» **Aim of the exercise**
Your task is to reproduce the listing exactly, without its images.

» **Recorded information**
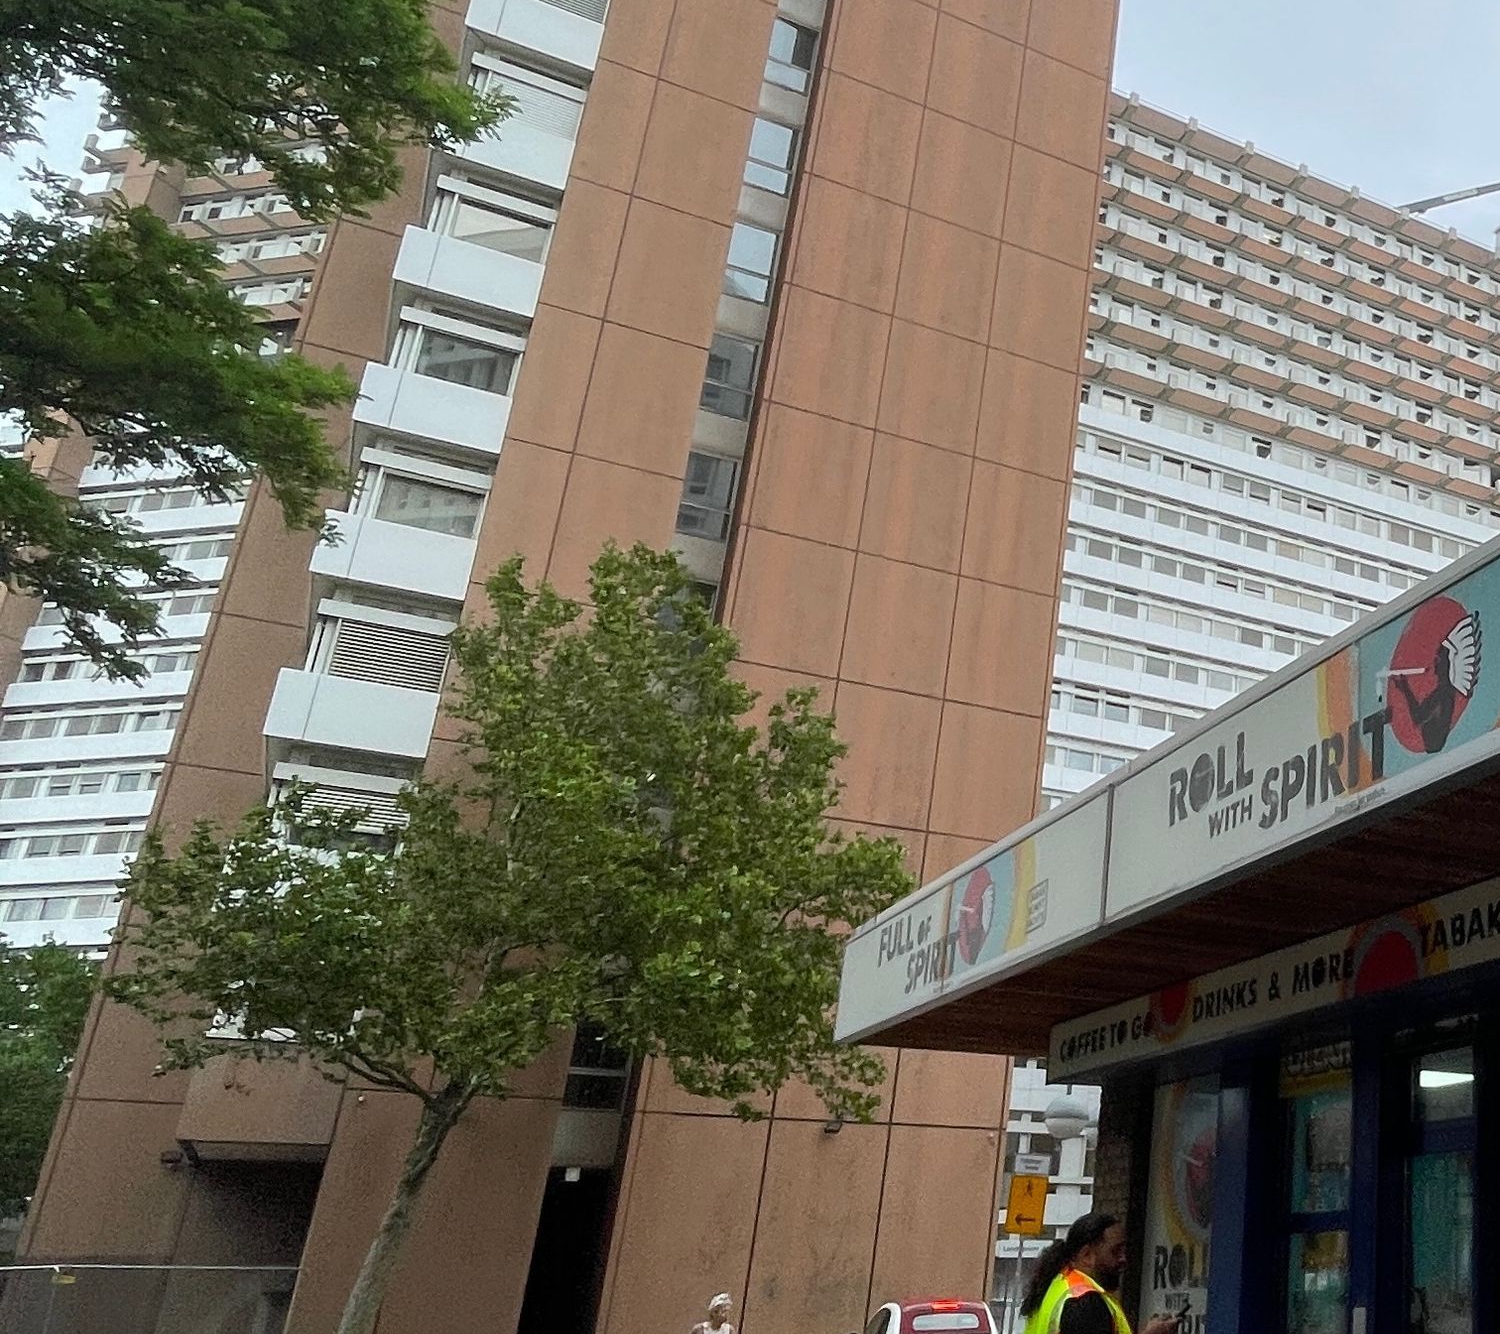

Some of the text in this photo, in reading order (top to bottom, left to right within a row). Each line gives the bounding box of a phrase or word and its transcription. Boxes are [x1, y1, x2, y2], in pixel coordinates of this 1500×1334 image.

[1168, 731, 1253, 828] ROLL
[1258, 705, 1393, 830] SPIRIT
[1208, 794, 1253, 839] WITH
[877, 913, 914, 968] FULL
[917, 914, 933, 945] OF
[1192, 948, 1356, 1023] DRINKS & MORE
[1060, 1010, 1155, 1064] COFFEE TO GO
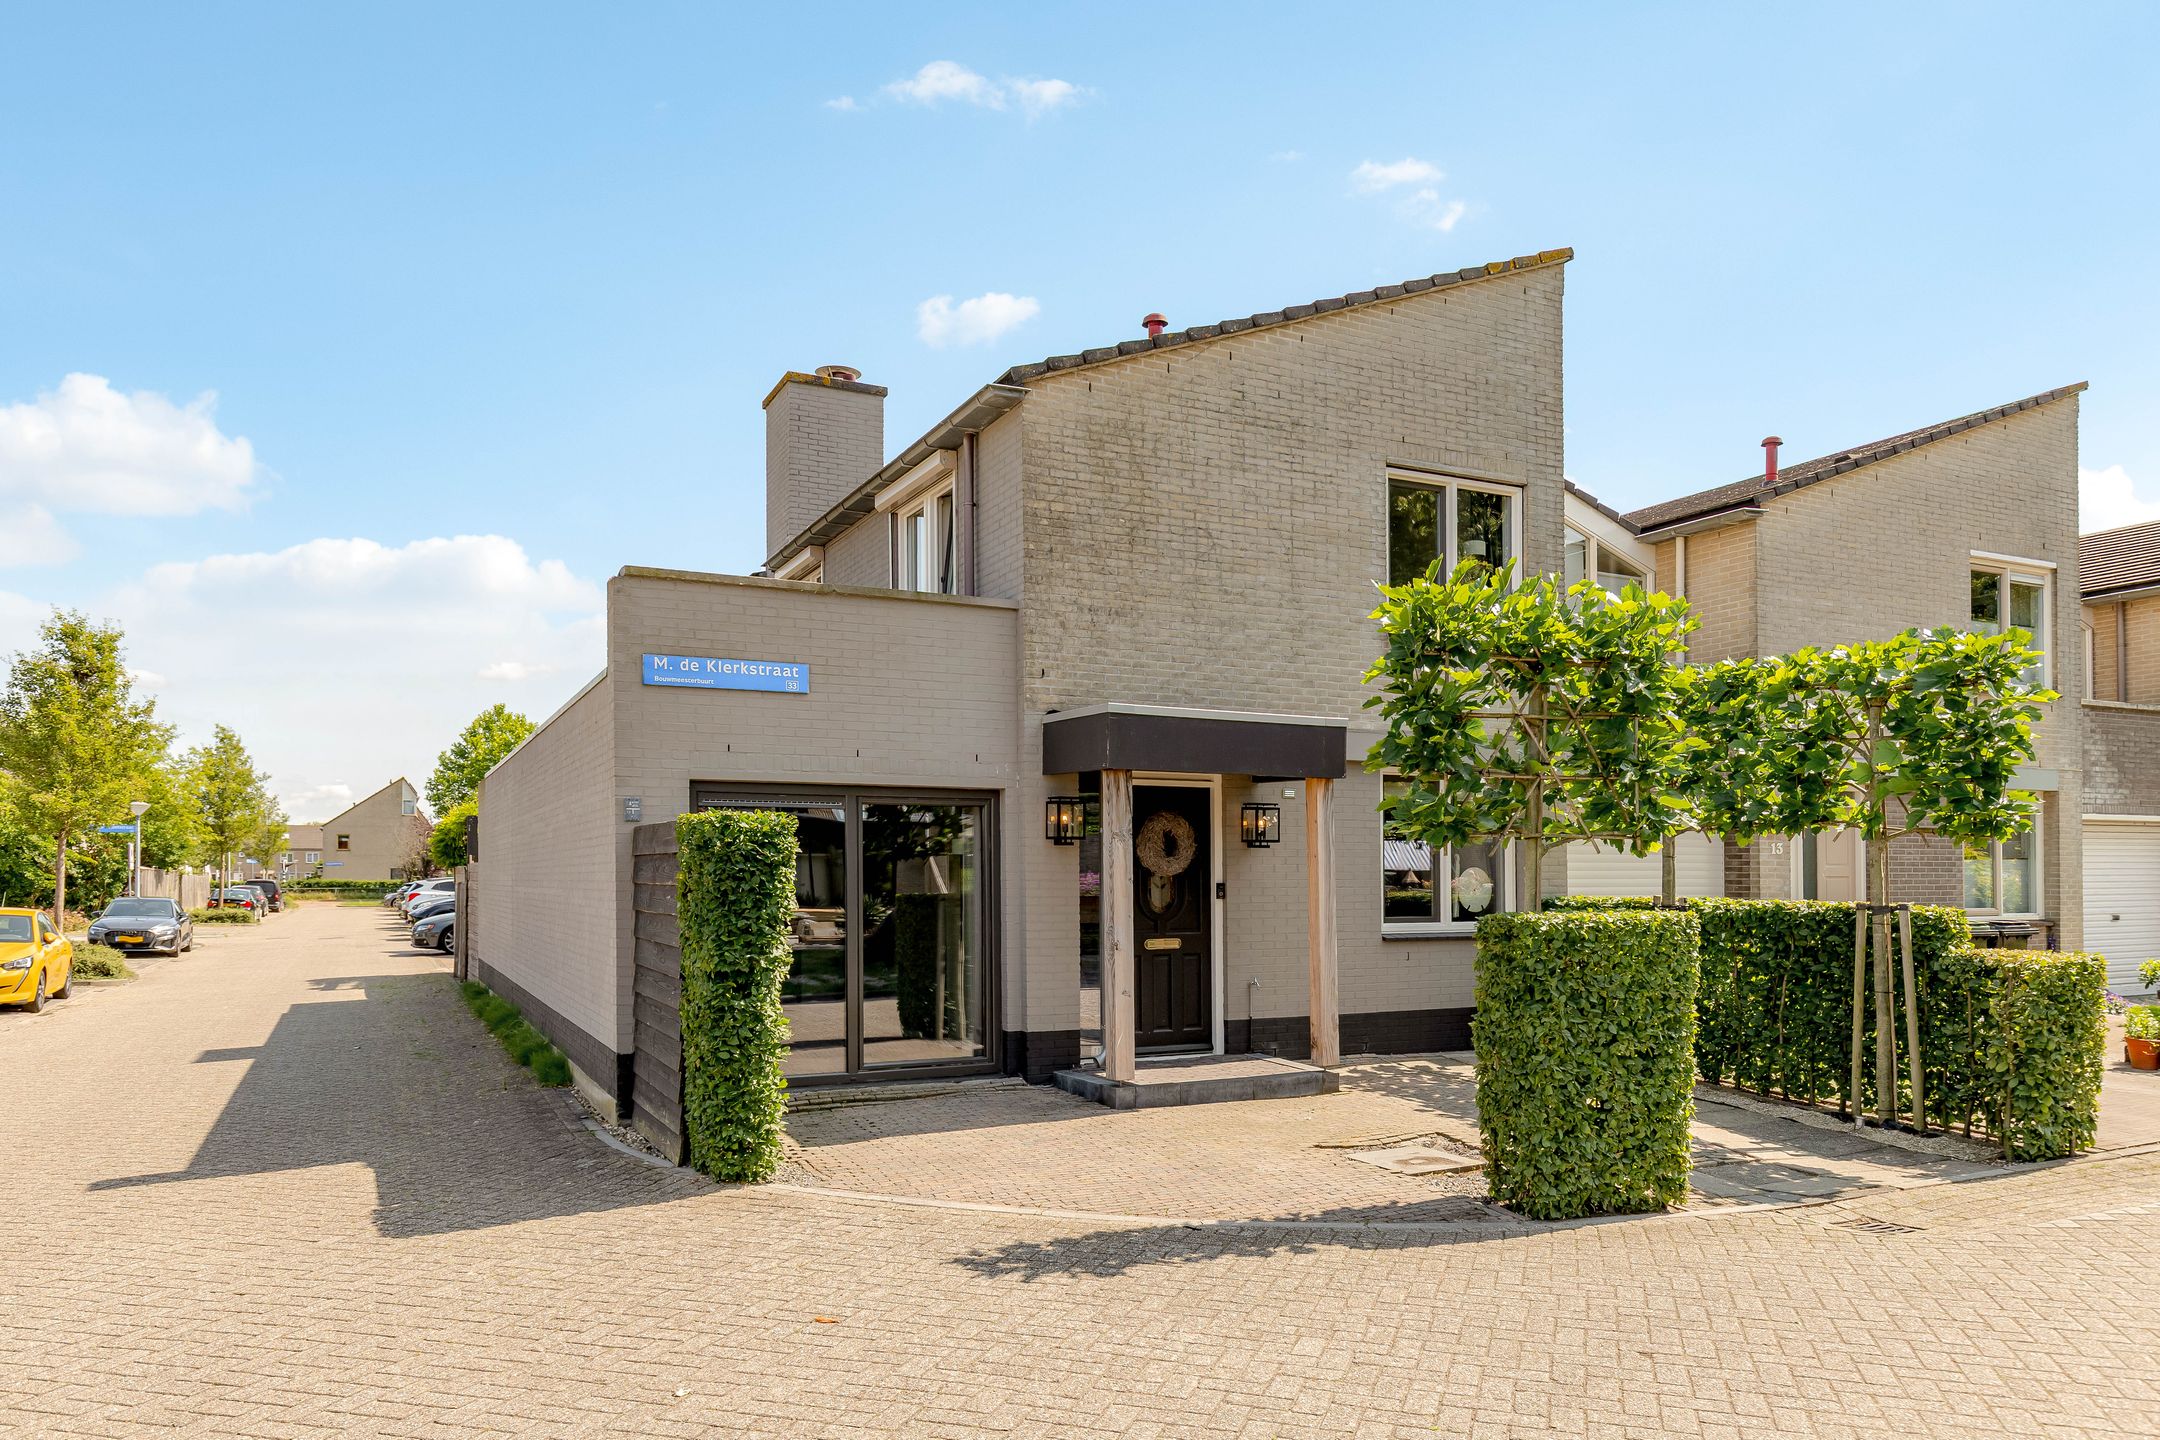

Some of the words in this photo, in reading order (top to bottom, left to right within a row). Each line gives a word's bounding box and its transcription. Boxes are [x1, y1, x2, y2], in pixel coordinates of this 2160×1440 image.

[653, 656, 673, 670] M.
[680, 659, 699, 672] de
[706, 660, 799, 678] Klerkstraat
[787, 682, 797, 690] 33
[1770, 842, 1784, 855] 13
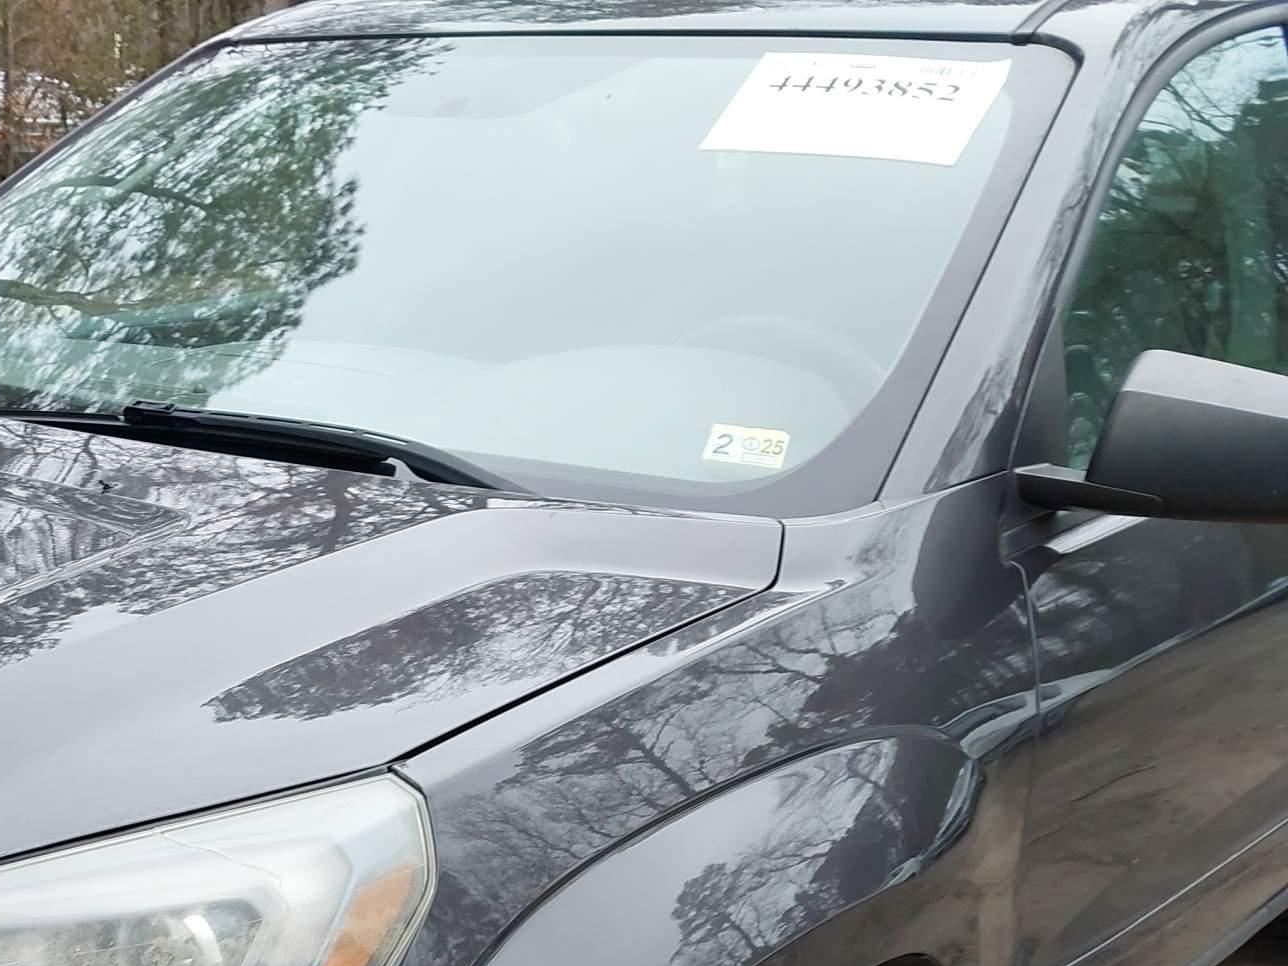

» **Your response**
Some of the text in this photo, in reading order (top to bottom, left to right within a row). Each line gives the bounding box of a phrase or word and its transcription. Boxes are [x1, y1, x2, y2], in pixel coordinates of this 1500×1334 image.

[1168, 731, 1253, 828] ROLL
[1258, 705, 1393, 830] SPIRIT
[1208, 794, 1253, 839] WITH
[877, 913, 914, 968] FULL
[917, 914, 933, 945] OF
[1192, 948, 1356, 1023] DRINKS & MORE
[1060, 1010, 1155, 1064] COFFEE TO GO

Some of the words in this photo, in reading order (top to bottom, left to right within a row). Each line gives a word's bounding box and its transcription. Boxes are [x1, y1, x2, y2], in pixel coordinates of this 2160×1440 image.

[653, 656, 673, 670] M.
[680, 659, 699, 672] de
[706, 660, 799, 678] Klerkstraat
[787, 682, 797, 690] 33
[1770, 842, 1784, 855] 13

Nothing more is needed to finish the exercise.